Matthew Richardson with a young Jack Riewoldt during his stunning 2008 season.

“When we played with someone with that big a personality, every time we got the ball we kicked it to Richo. We just weren’t getting better. And the flip side was that he was just getting more and more frustrated down there.

“I called him in and he absolutely thought I was taking the mickey. He was looking for the camera in the room. He didn’t take it seriously. Then clearly he realised by my demeanour that it was very serious. And I just said to him, ‘Look, we are going to go with this. So the choice is putting a line through your career which we shouldn’t, or you take it as a new challenge’. It was literally the week before we were playing Fremantle.”

Richardson this week admitted he truly feared for his career given the strength of Wallace’s message, delivered only weeks after he had kicked 5.2 as the Tigers beat Carlton in the season opener.

“I remember walking into the club on the Monday morning having lost the game on the weekend and ‘Plough’ said, ‘Can you come into my office, I need to ask you a favour.’.

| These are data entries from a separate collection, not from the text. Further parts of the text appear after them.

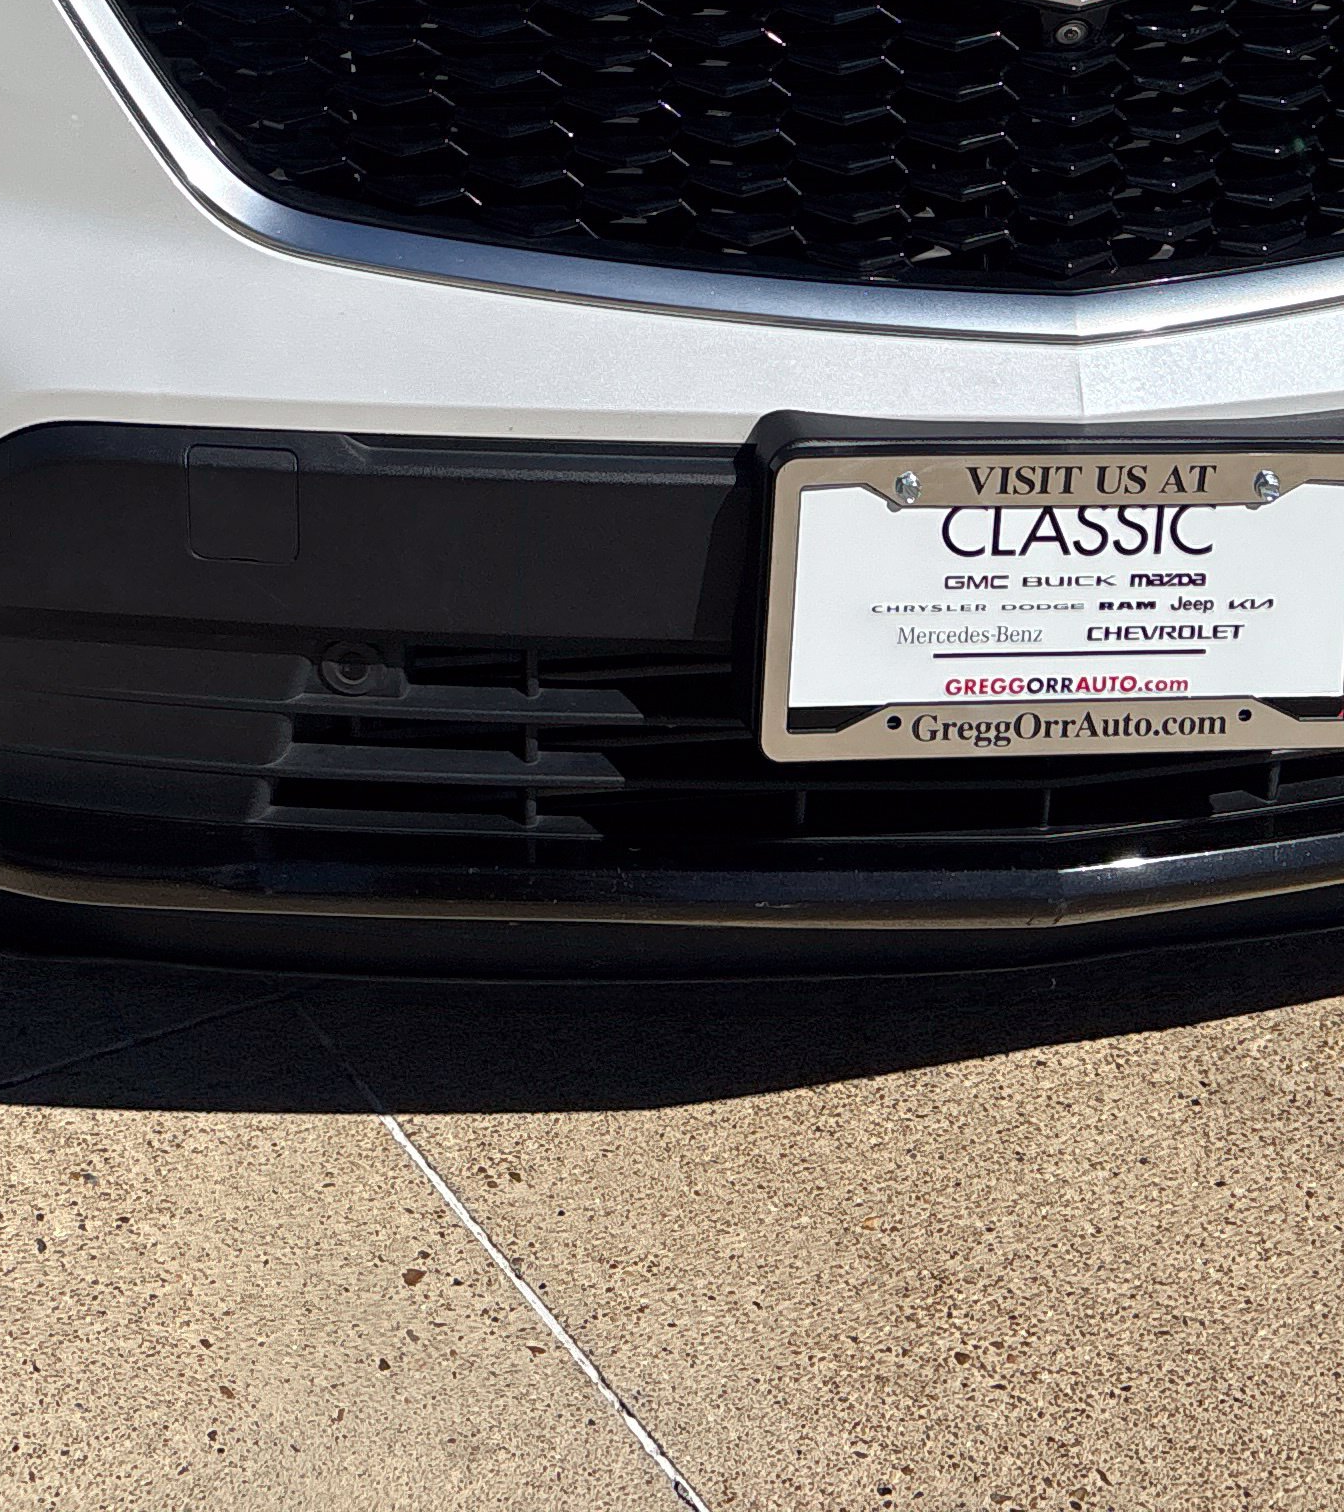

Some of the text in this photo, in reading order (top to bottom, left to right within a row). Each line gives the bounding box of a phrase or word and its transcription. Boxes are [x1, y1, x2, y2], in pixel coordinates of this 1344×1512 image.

[965, 464, 1217, 495] VISIT US AT
[941, 505, 1216, 557] CLASSIC
[944, 574, 1009, 590] GMC
[1021, 574, 1117, 588] BUICK
[871, 603, 987, 614] CHRYSLER
[1001, 602, 1085, 612] DODGE
[1098, 600, 1157, 611] RAM
[1170, 596, 1215, 614] Jeep
[896, 624, 1245, 645] Mercedes-Benz CHEVROLET
[944, 675, 1189, 696] GREGGORRAUTO.com
[911, 710, 1227, 748] GreggOrrAuto.com
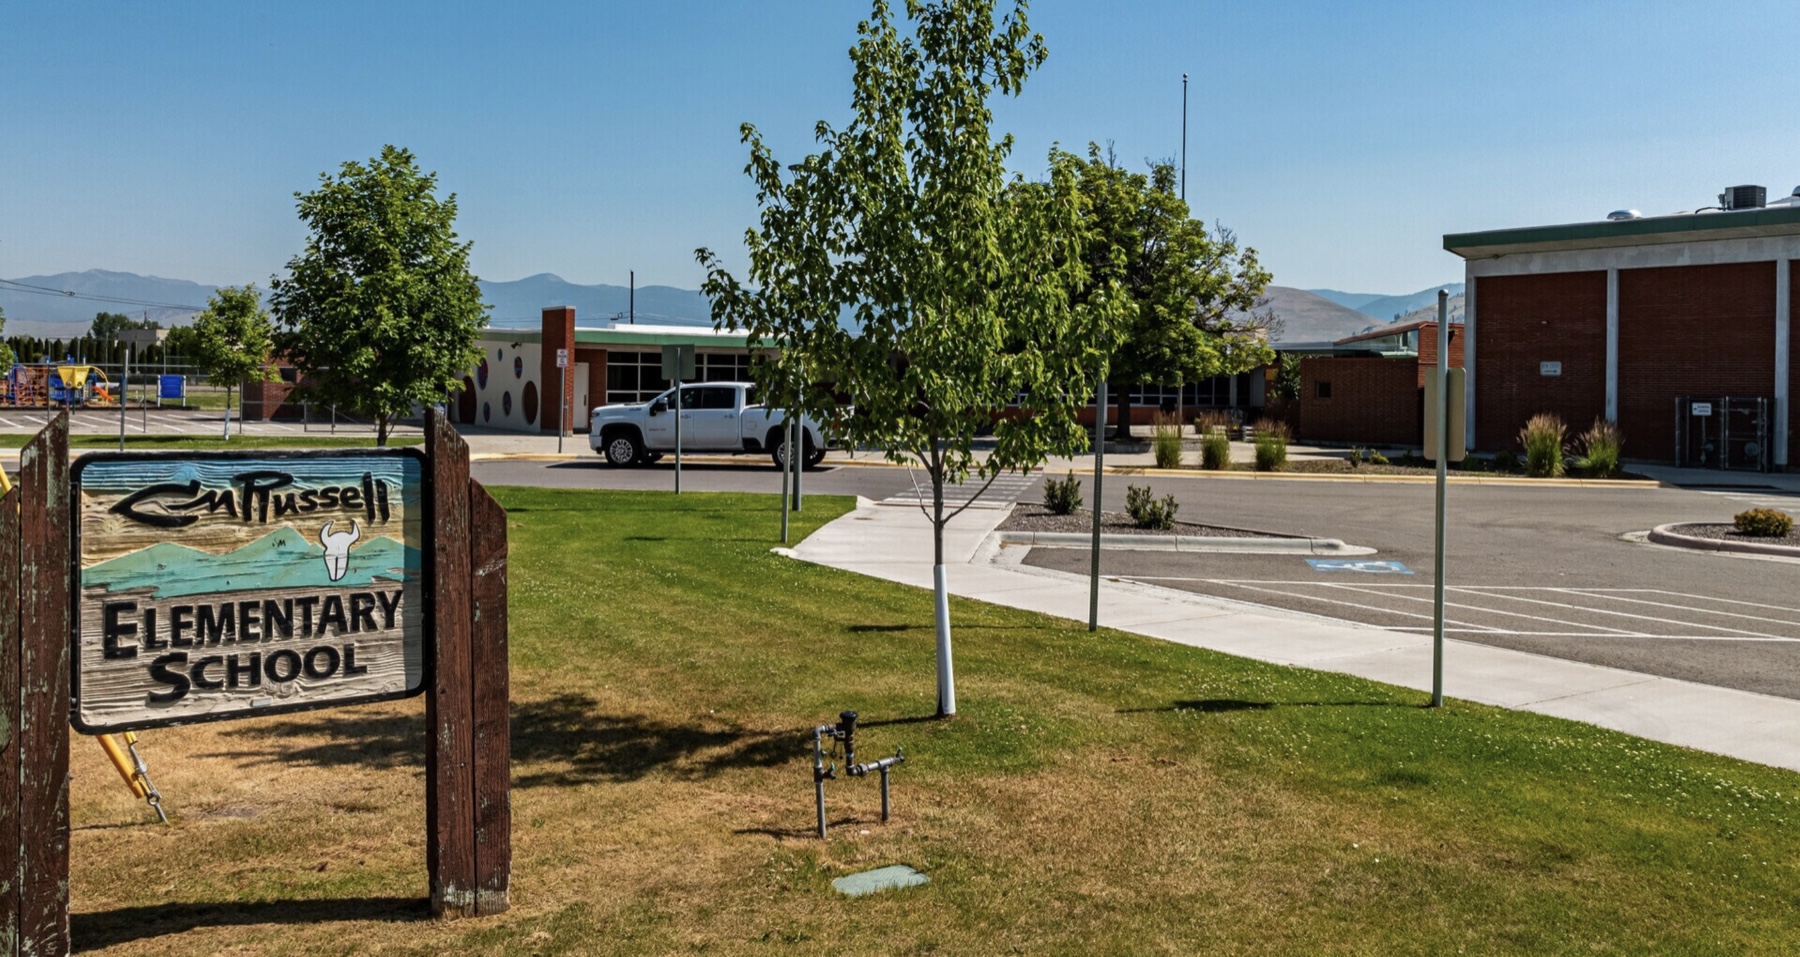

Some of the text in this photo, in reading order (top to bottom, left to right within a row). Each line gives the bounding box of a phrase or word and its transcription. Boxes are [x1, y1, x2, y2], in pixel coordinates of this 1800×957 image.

[233, 471, 390, 525] Russell
[102, 589, 403, 659] ELEMENTARY
[147, 643, 368, 703] SCHOOL
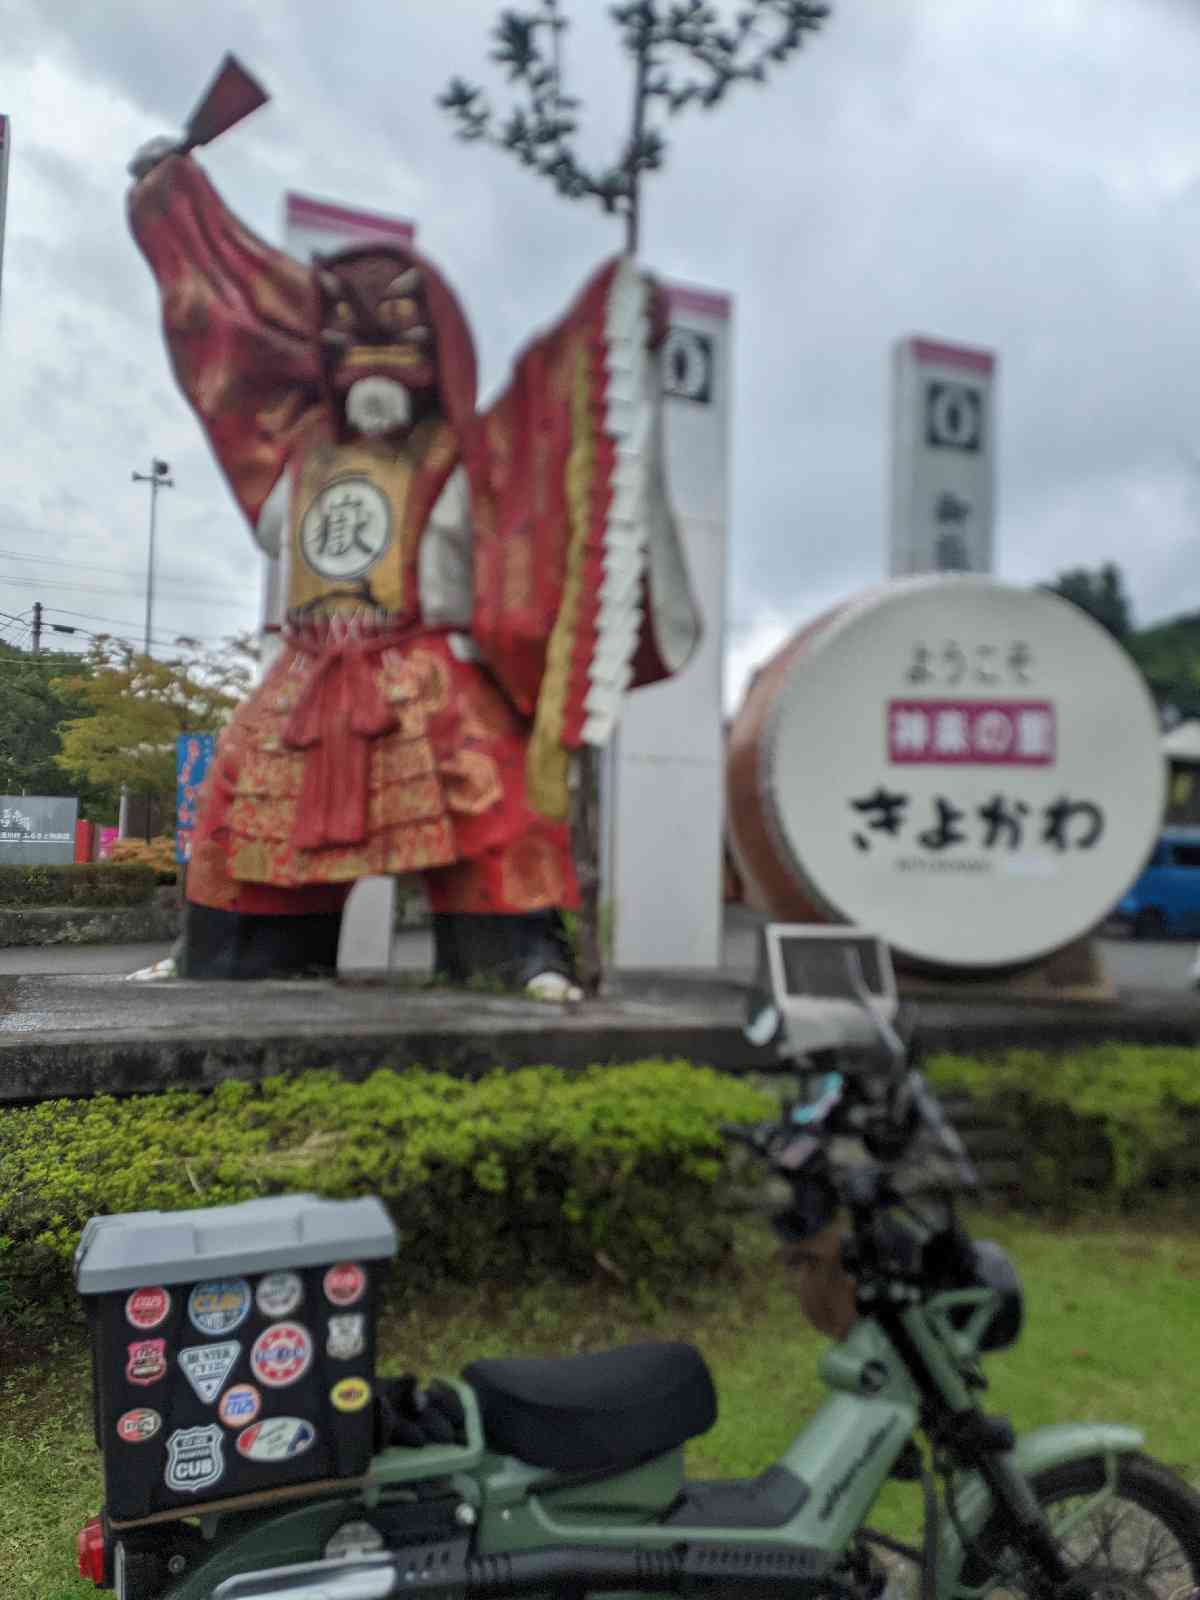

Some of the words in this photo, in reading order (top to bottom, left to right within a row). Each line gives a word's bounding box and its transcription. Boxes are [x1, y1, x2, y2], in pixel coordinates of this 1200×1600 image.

“He said, ‘What do you think about playing on a wing?’ That was basically how it started.

“I remember saying to him, ‘Why don’t I go back to the goalsquare, Jack can do the lead-up work inside 50, what do you think?’

“And he said. ‘Then you can go and play for Coburg …’

“I said, ‘I love the wing, get me up there.’

“I remember driving out of the club and thought, ‘S***, this might be the end of me’.

“I remember ringing Wayne Campbell on my way home and we had a chat. The first thing he said was, ‘I think it’s a great idea’.

THE FORMER TEAMMATE

Richmond Hall of Famer Campbell was in his second year as a Western Bulldogs assistant coach when he took good mate Richardson’s call.

“We caught up in a cafe in Elwood,” Campbell recalls.

“I was coaching at the Dogs but I only lived around the corner and he said, ‘Plough has this idea’.

“There were a couple of things that came to mind. I could see what Plough was trying to do because as a player who had the ball in the midfield and looked forward, when Matthew was there you kicked the ball to him even when you shouldn’t have.

“But secondly he had the athleticism to play on the wing and he runs unbelievably well and he could get back and take marks in defence and get his opposition wingman in one-on-one contests and mark over there. The over-riding thing I said to him was just go in with an open mind and give it go and see where this goes.”

THE FIRST GAME

Having secured Richardson’s buy-in the Tigers needed to at least give him a practice session before flying to Perth to take on Mark Harvey’s Dockers.

“At the time we were quite nomadic with training and we were at Victoria Park and had a lockout session with Richo on the wing and it worked out pretty well,” Wallace said.

“So we threw him on a wing against Freo and he killed it. You could look at the stats but he had something like 25 possessions and three goals.”

A Fremantle side that had knocked off rival West Coast was smacked by the Tigers in a 64-point drubbing.

Richardson would kick three of his four goals in the first half and finish with those 25 possessions, 15 marks, five contested marks, 10 contested possessions and two hit-outs to boot.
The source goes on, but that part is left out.